I watched him typing on his computer. Because of his back operation a coupla years ago, Lionel was confined to the wheelchair. It was the op that damaged nerves in his spine, and lost him the use of his hands. Sure, he was palsied before, and had difficulty. But nothing like the ten or so years in the chair.

Typing, for Lionel, was a matter of grasping a long stick in his clawed hand. On one end was a bundle of tissue held in place by sticky tape. That was to protect his palm, or to give a little comfort. Maybe it was there for leverage? The other end was for him to prod, painstakingly, inaccurately, in the general direction of a letter on the keyboard. It took Lionel about ten or twenty seconds per letter to type THE WHITE LIFE OF FELIX GREENSPAN. And his letters to the press. And his reviews. And his comments on peoples' writing. And he didn't stop doing those things.

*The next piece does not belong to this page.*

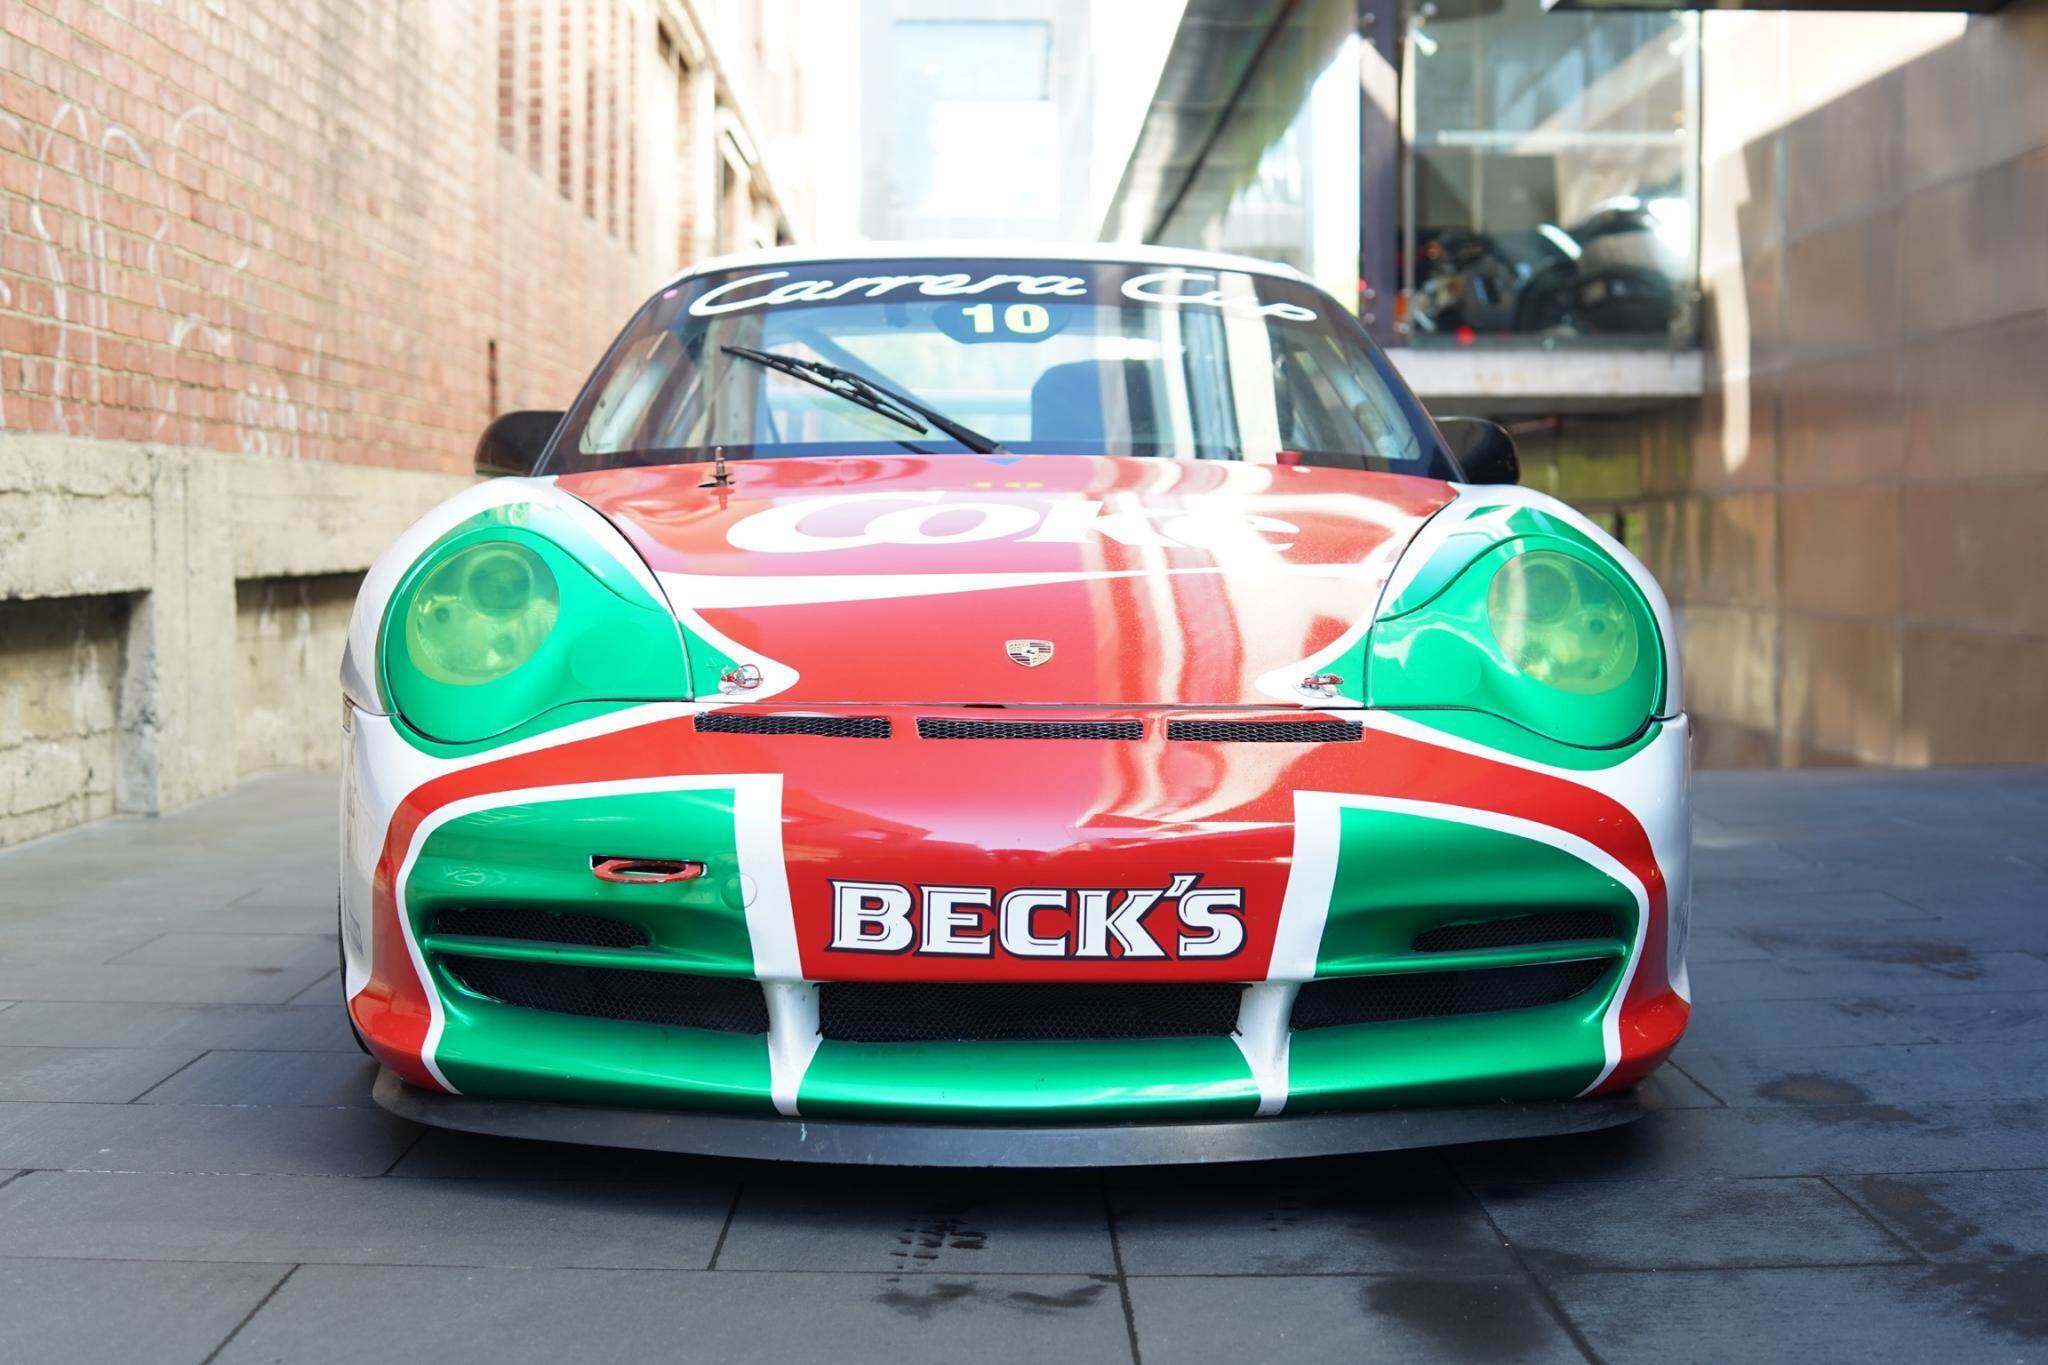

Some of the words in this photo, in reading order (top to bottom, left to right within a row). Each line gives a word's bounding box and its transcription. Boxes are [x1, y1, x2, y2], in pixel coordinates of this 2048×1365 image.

I visited him last in January or February. Could have been March.

"I can't really eat more than two mouthfuls of food now," he said. It was a Saturday, and I'd dropped in, and Jane invited me to lunch. He'd just gulped a fistful of pills, all in aid of his digestion.

I remember thinking, "Goodbye, Lionel, and thanks for everything. I love you." But I don't think I actually said the words. Who knows? Sometimes thoughts transmit. Instead, I said something along the lines of, "Nah. Please don't die yet, Lionel. You're only 76." It could have been funny, but it was far too true.

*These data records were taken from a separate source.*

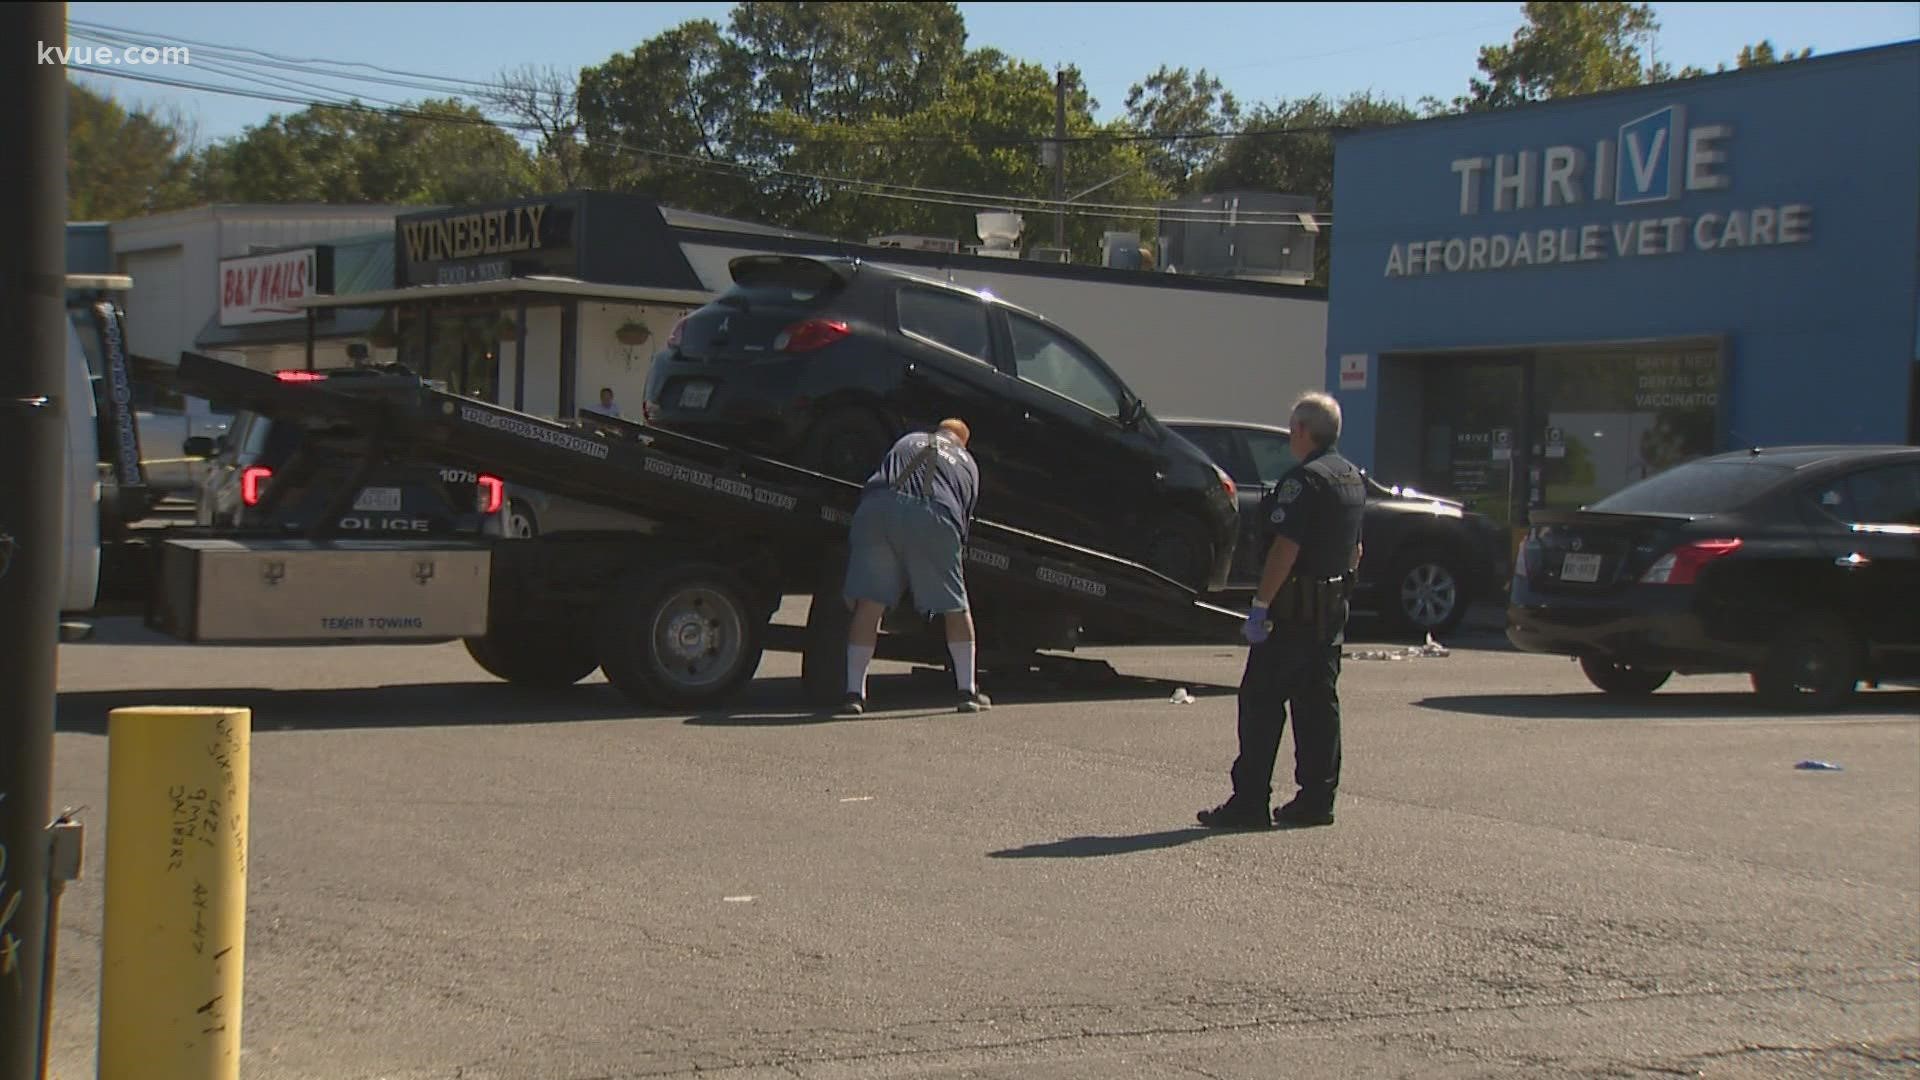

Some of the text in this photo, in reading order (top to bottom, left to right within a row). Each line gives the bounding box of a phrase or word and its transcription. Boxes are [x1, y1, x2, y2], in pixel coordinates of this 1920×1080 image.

[1451, 122, 1733, 215] THRIVE
[402, 203, 546, 263] WINEBELLY
[1385, 203, 1812, 278] AFFORDABLE VET CARE
[259, 258, 305, 305] NAILS
[339, 517, 430, 531] OLICE
[319, 617, 423, 630] TEXAN TOWING

Jane's jaw set, and I could tell I'd spoken their big fear. But more. I realised that this was a fear that was on the table. Unhidden. They were alive to it.

The light man I'd helped in and out of his car years back was now half the weight he'd been. A baby bird. His voice indistinct, and very difficult for me to make out, even though my ears have been tuned to his nuances.

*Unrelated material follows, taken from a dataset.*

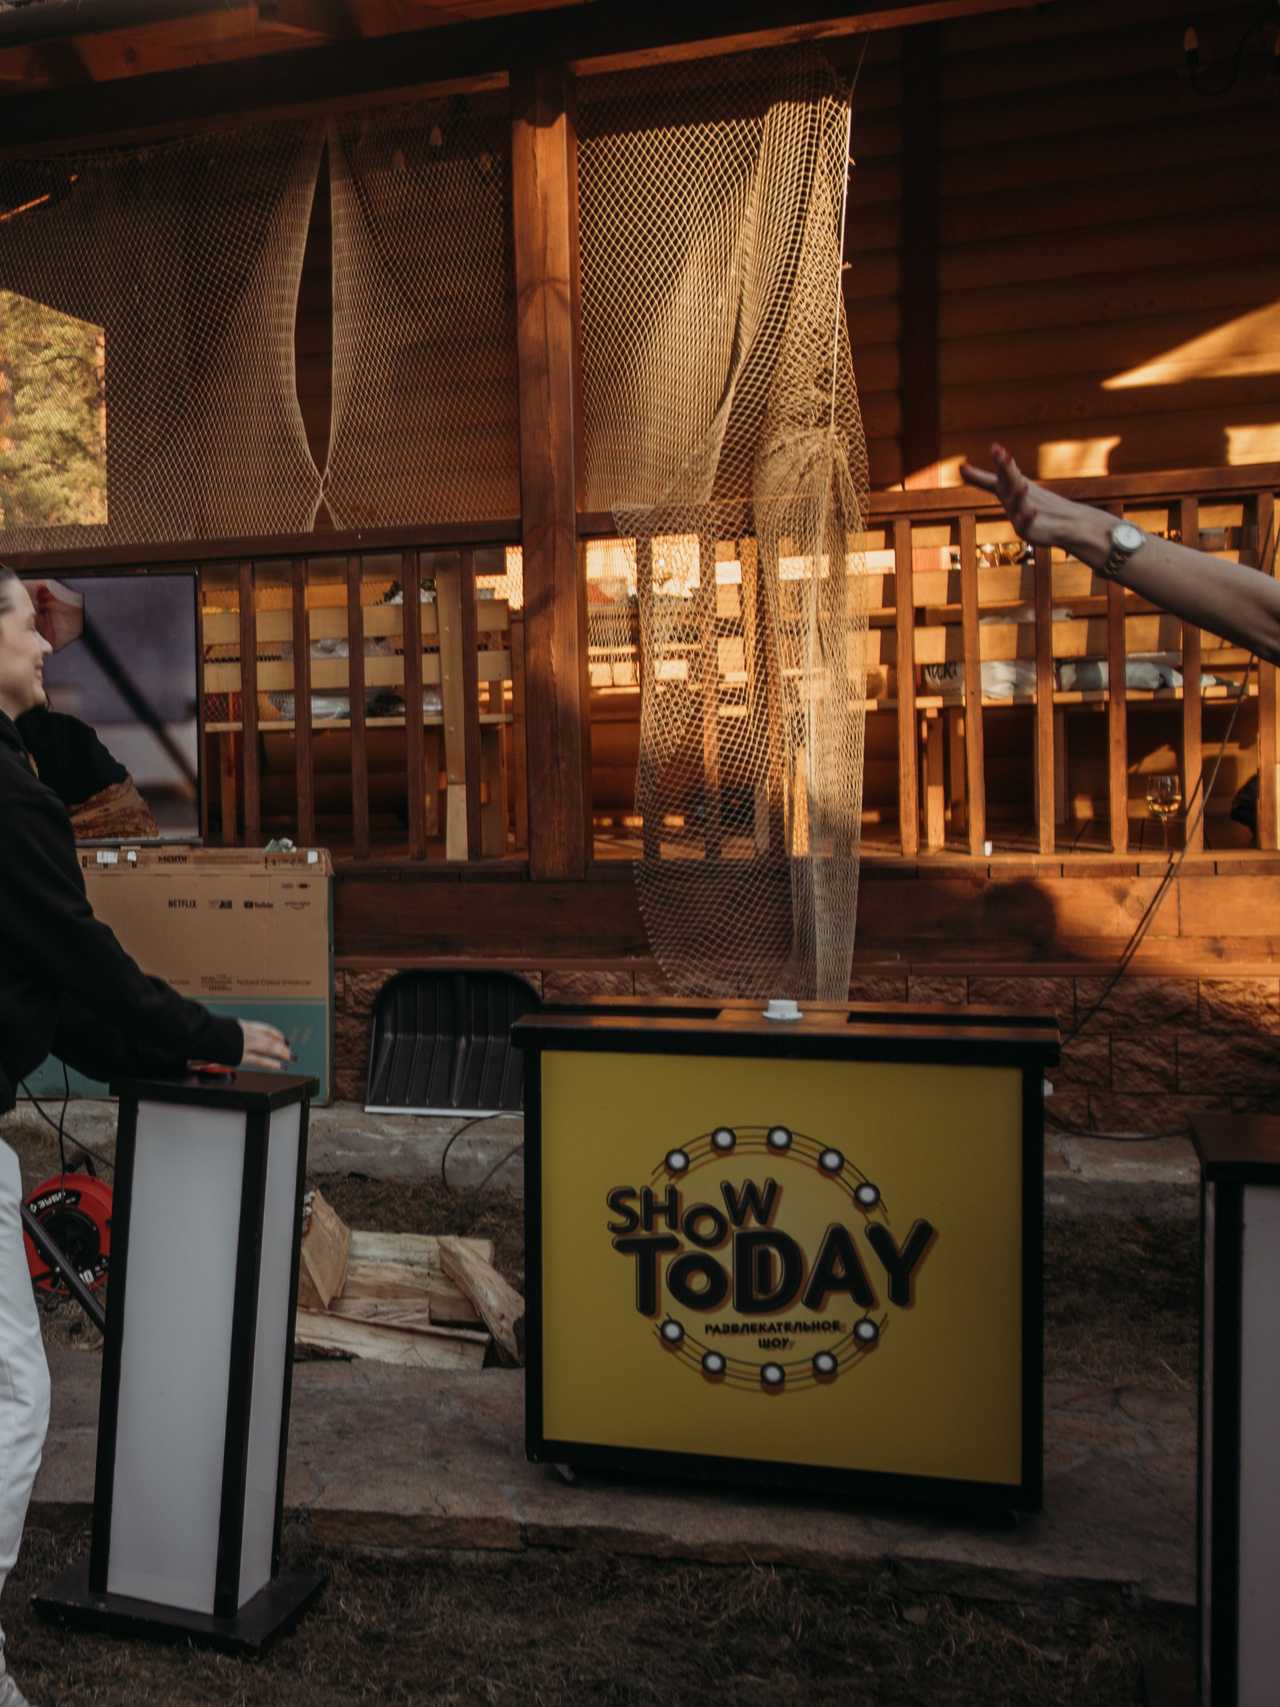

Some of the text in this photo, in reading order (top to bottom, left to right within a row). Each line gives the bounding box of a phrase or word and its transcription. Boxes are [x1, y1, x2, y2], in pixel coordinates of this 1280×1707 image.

"I just don't have energy," he said.

And the "Goodbye, Lionel!" roared in my sinuses, a curious spinning feeling, a letting go. I remember biting my lip and wishing I'd visited much more often than I had in the past three years. When I stopped attending his workshop, I kinda drifted out of touch. Relationships. Fulltime employment. Tons of writing. These things are my excuses for not visiting my mentor, the man who made me into something of a writer.

I can't think why I didn't see him more often. Maybe a fear that this day would come? Maybe a distancing of myself from him so I wouldn't feel pain?

Well, the thing that stunned me as I listened to Jane on the radio this morning is that this man's death hurts me more than my own father's death. I cared more for Lionel than my own dad. What does this say about me? Who knows. But it says a lot about Lionel. It tells me that he was my father in important ways. I can't count them. I won't list any. And I don't need to. Because a thousand South African writers are feeling the same way right now. Their father is dead.

Lionel, may you find a place where you're free of your wheelchair. May you have unfettered access to typing that's as fast as your thoughts. Or at least a private secretary every bit as beautiful and devoted as Jane ready to take dictation. May Herman Charles Bosman thank you for your editing of his work, with only a few queries about certain of your editorial decisions. May you run a Monday workshop in heaven to teach those illiterate apostles how to write. Thank you, Lionel.

Love
Roy

I decided not to go to his funeral today. I don't really do funerals, and it's just hectic for me. I figured that the best thing about going to his funeral would be to rub shoulders with some of South Africa's literary hotshots, and have my photo taken with them. But that would be the worst kind of reason to go, cos it dishonours Lionel. So I didn't go.

Instead, I'm at home, thinking about him while I watch a movie with my friends, and Bianca is helping me forget about my various sorrows.